(DATA SECTION begins)

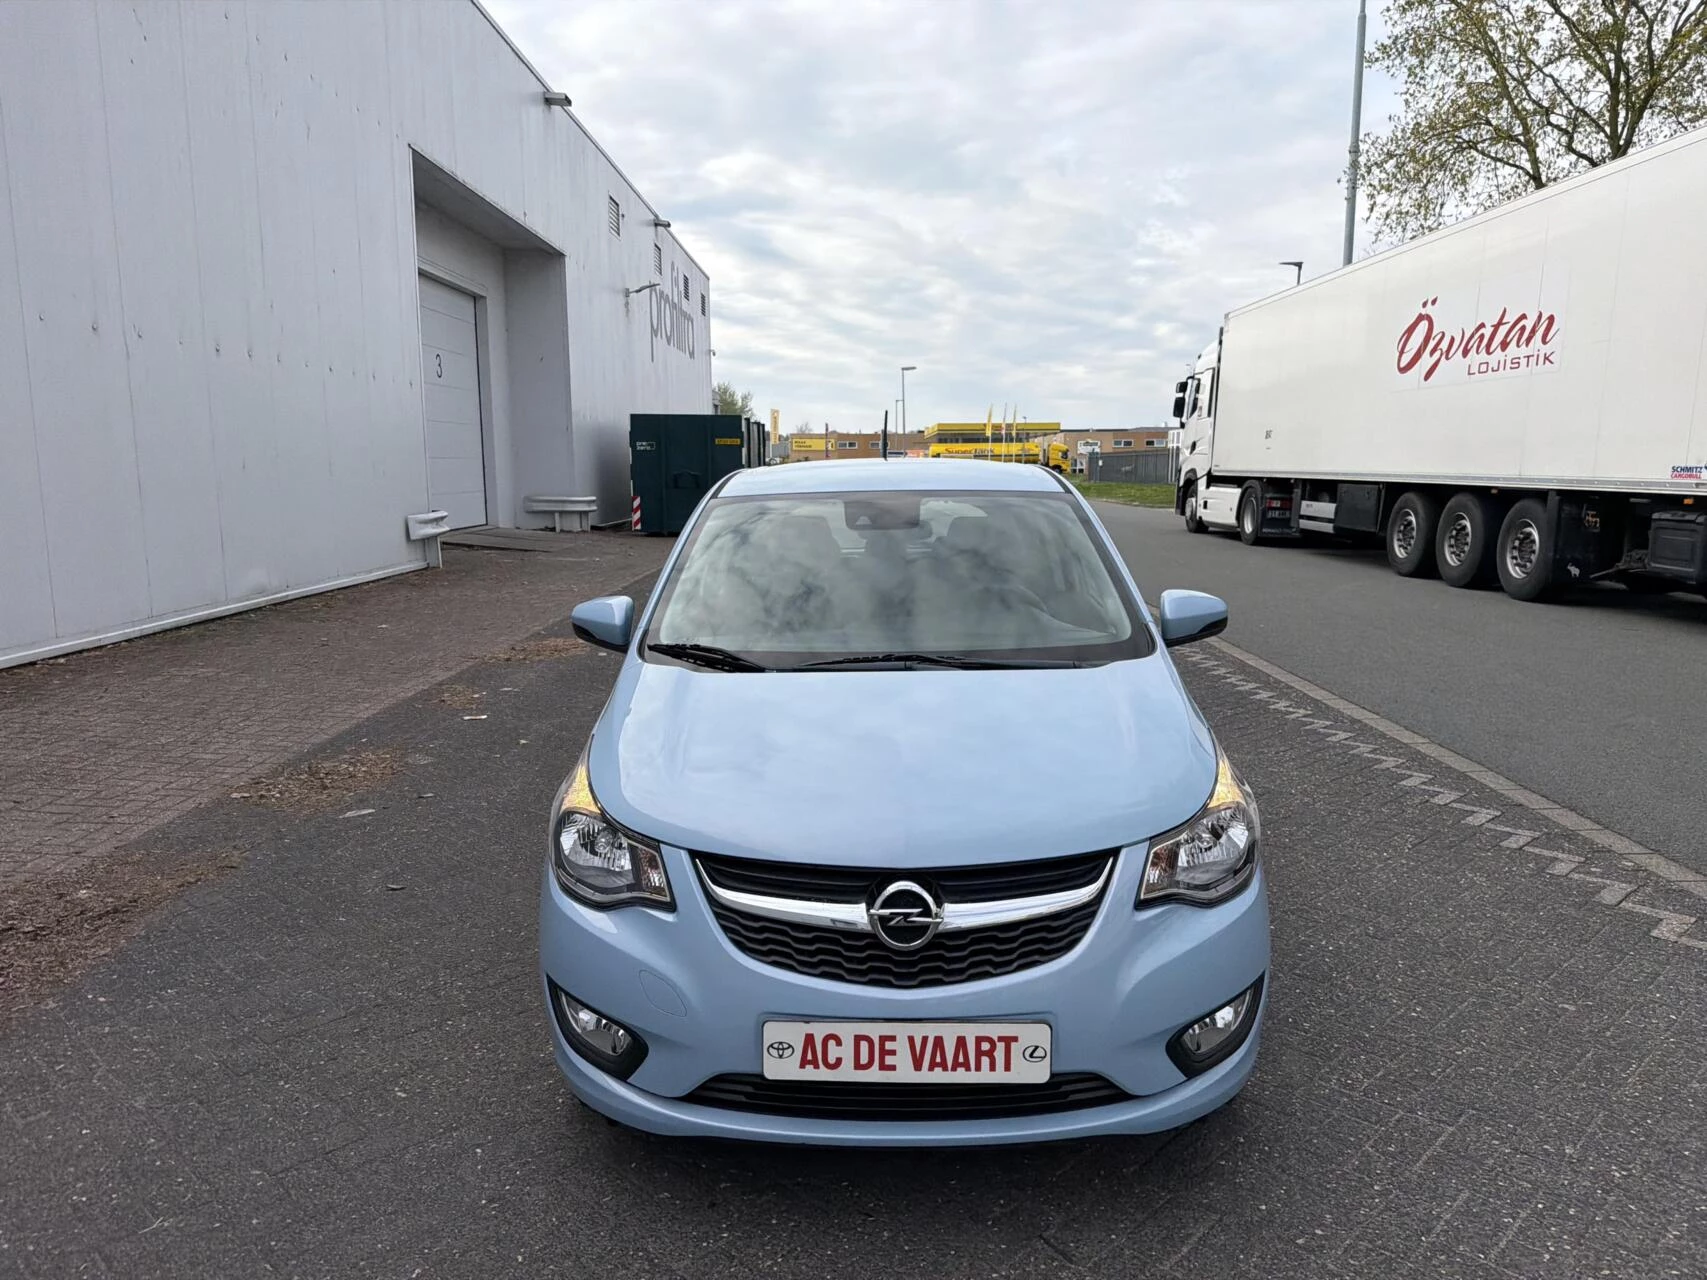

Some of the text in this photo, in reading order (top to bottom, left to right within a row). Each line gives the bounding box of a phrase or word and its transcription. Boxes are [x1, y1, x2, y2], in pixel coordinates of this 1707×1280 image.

[1396, 296, 1560, 381] Özvatan
[435, 353, 443, 378] 3
[1467, 349, 1556, 376] LOJİSTİK
[1671, 465, 1703, 473] SCHMITZ
[799, 1033, 1019, 1072] AC DE VAART
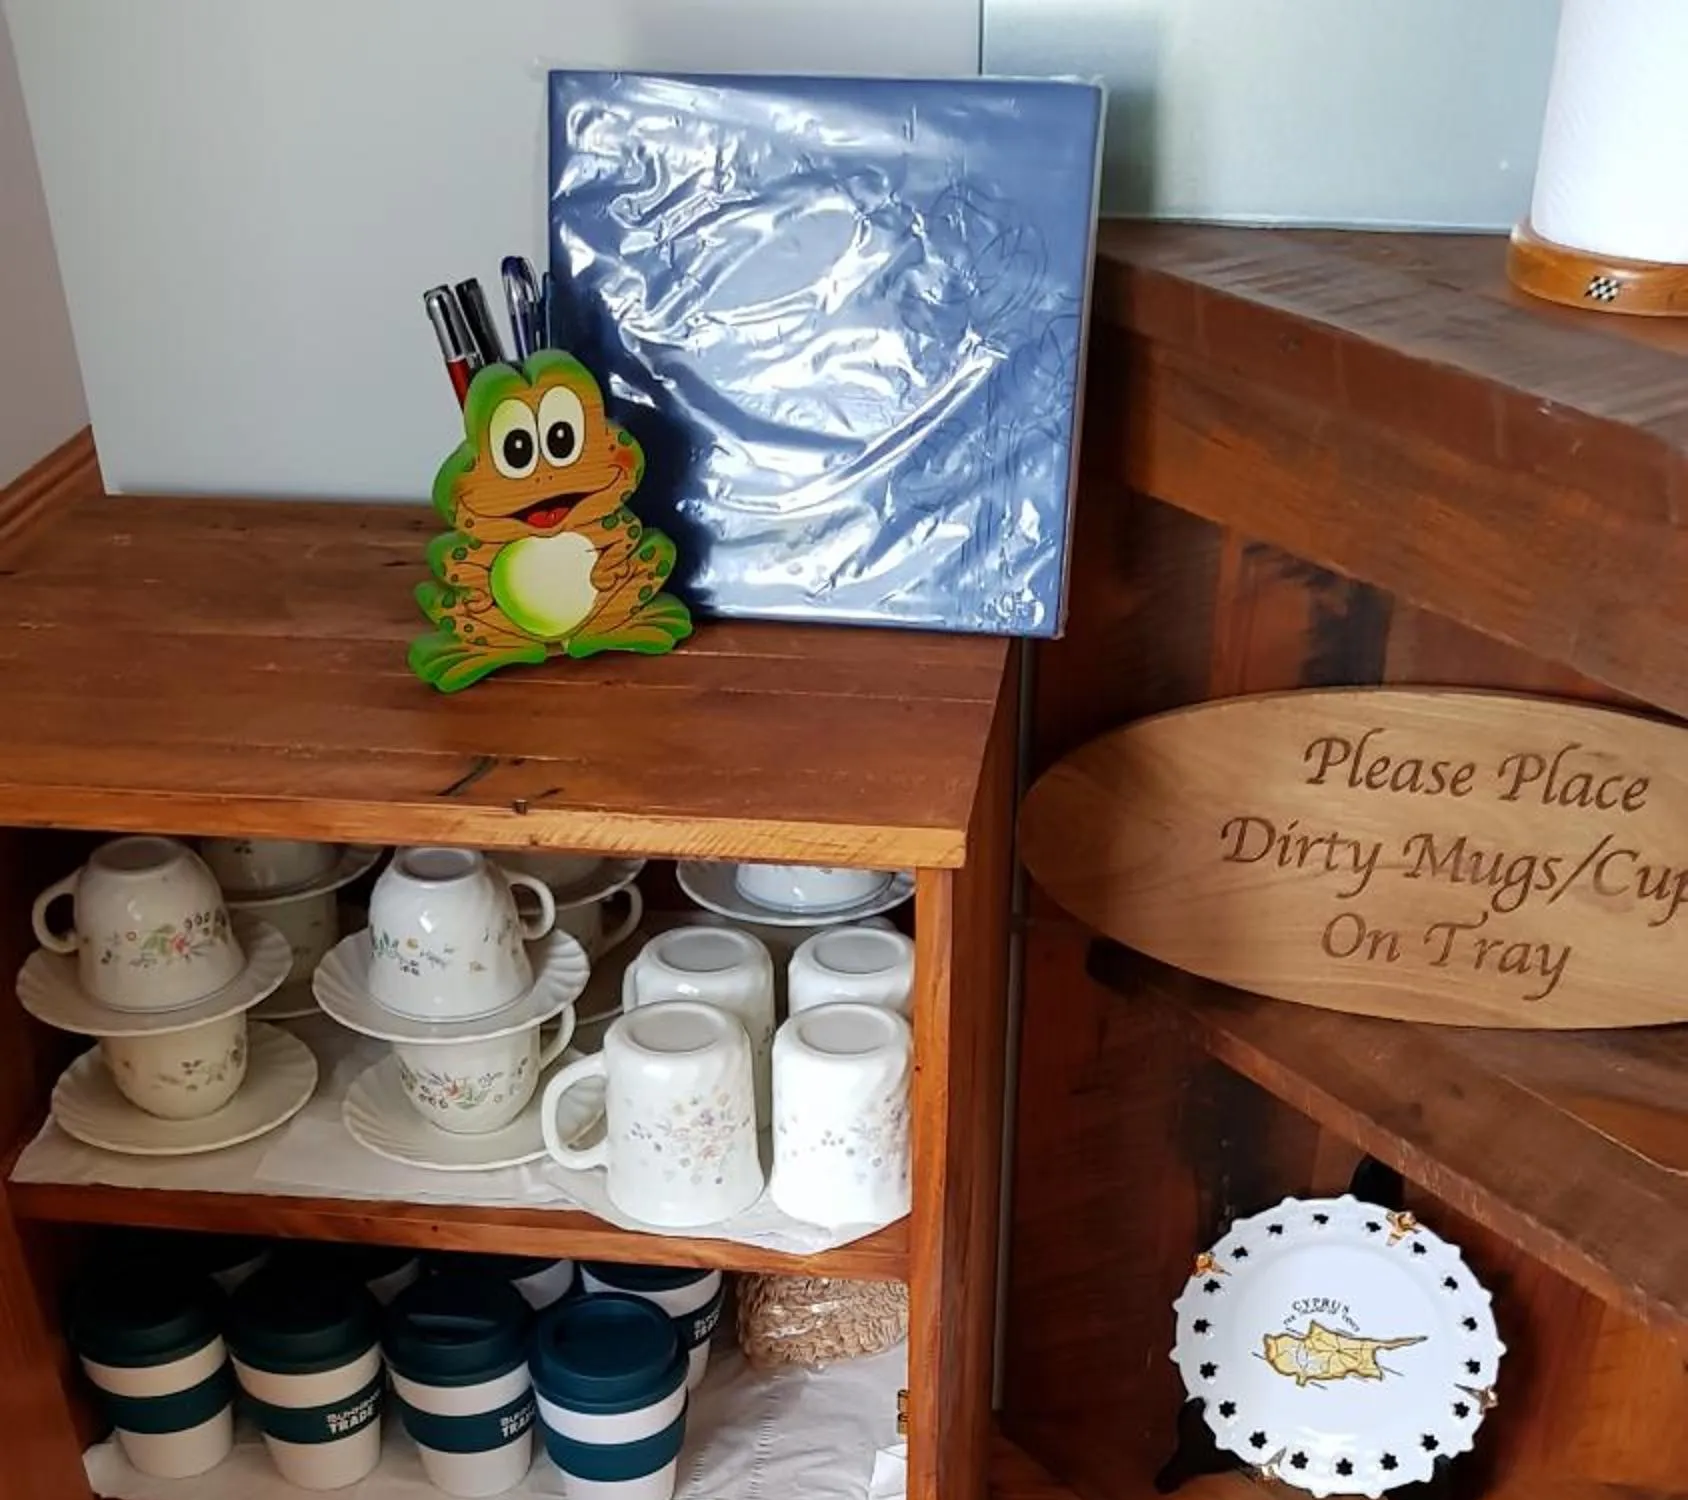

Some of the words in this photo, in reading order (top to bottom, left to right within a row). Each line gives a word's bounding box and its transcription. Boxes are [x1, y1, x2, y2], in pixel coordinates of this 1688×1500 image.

[1303, 727, 1475, 797] Please
[1496, 742, 1651, 812] Place
[1220, 815, 1383, 898] Dirty
[1320, 912, 1400, 963] On
[1422, 911, 1572, 1000] Tray
[1292, 1297, 1350, 1313] CYPRUS
[329, 1404, 374, 1434] TRADE
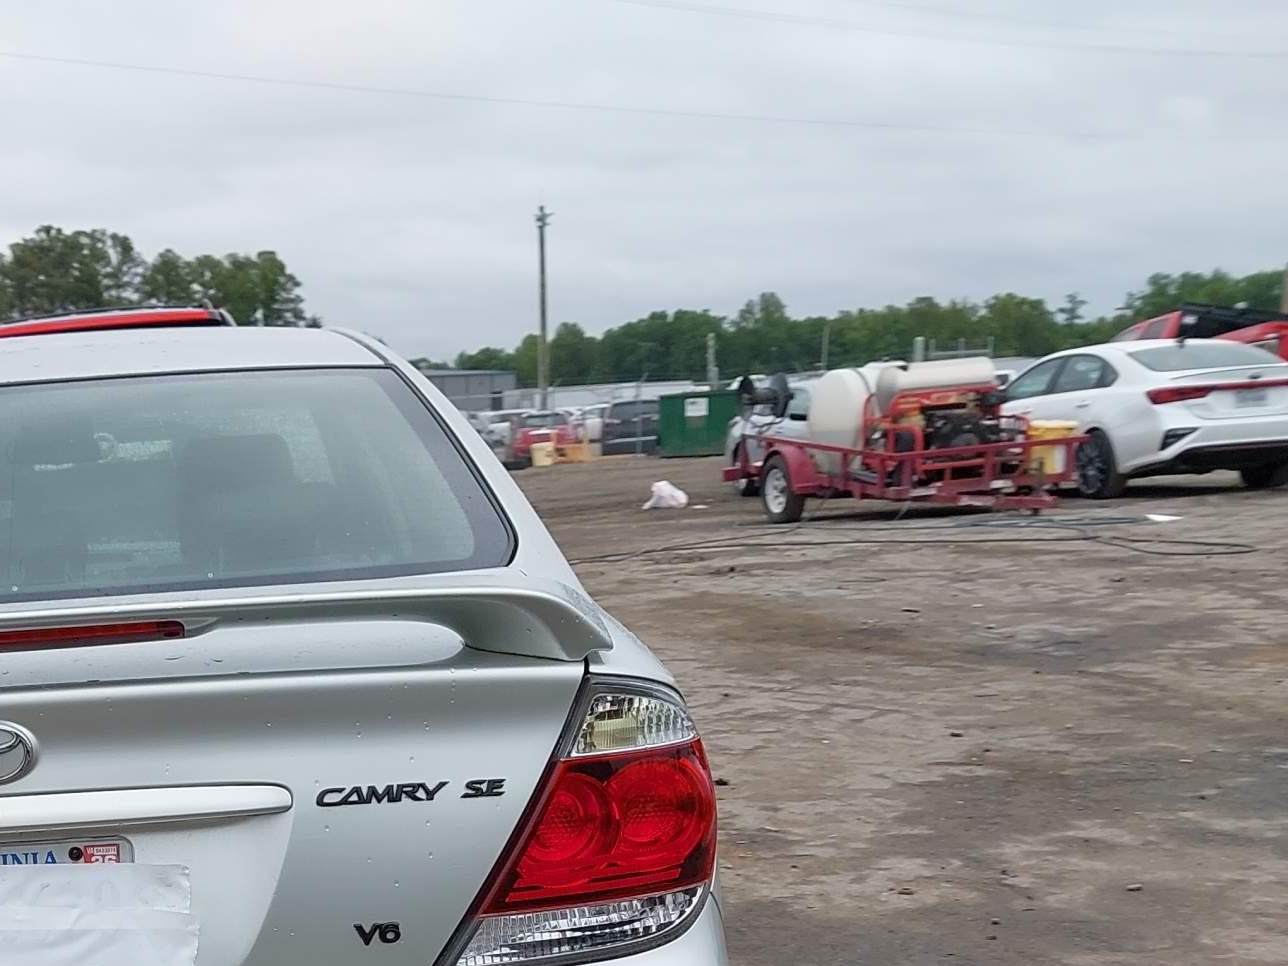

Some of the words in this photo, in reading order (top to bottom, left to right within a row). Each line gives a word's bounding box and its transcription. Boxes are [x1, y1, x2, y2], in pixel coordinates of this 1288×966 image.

[316, 780, 450, 807] CAMRY
[461, 778, 506, 799] SE
[353, 922, 401, 946] V6

(DATA SECTION ends)

» REQUIRED ACTION:
Exactly and in full, write out the lines from the one containing "this 1288×966 image." through the end of the listing.

» EXERCISE SOLUTION:
Some of the words in this photo, in reading order (top to bottom, left to right within a row). Each line gives a word's bounding box and its transcription. Boxes are [x1, y1, x2, y2], in pixel coordinates of this 1288×966 image.

[316, 780, 450, 807] CAMRY
[461, 778, 506, 799] SE
[353, 922, 401, 946] V6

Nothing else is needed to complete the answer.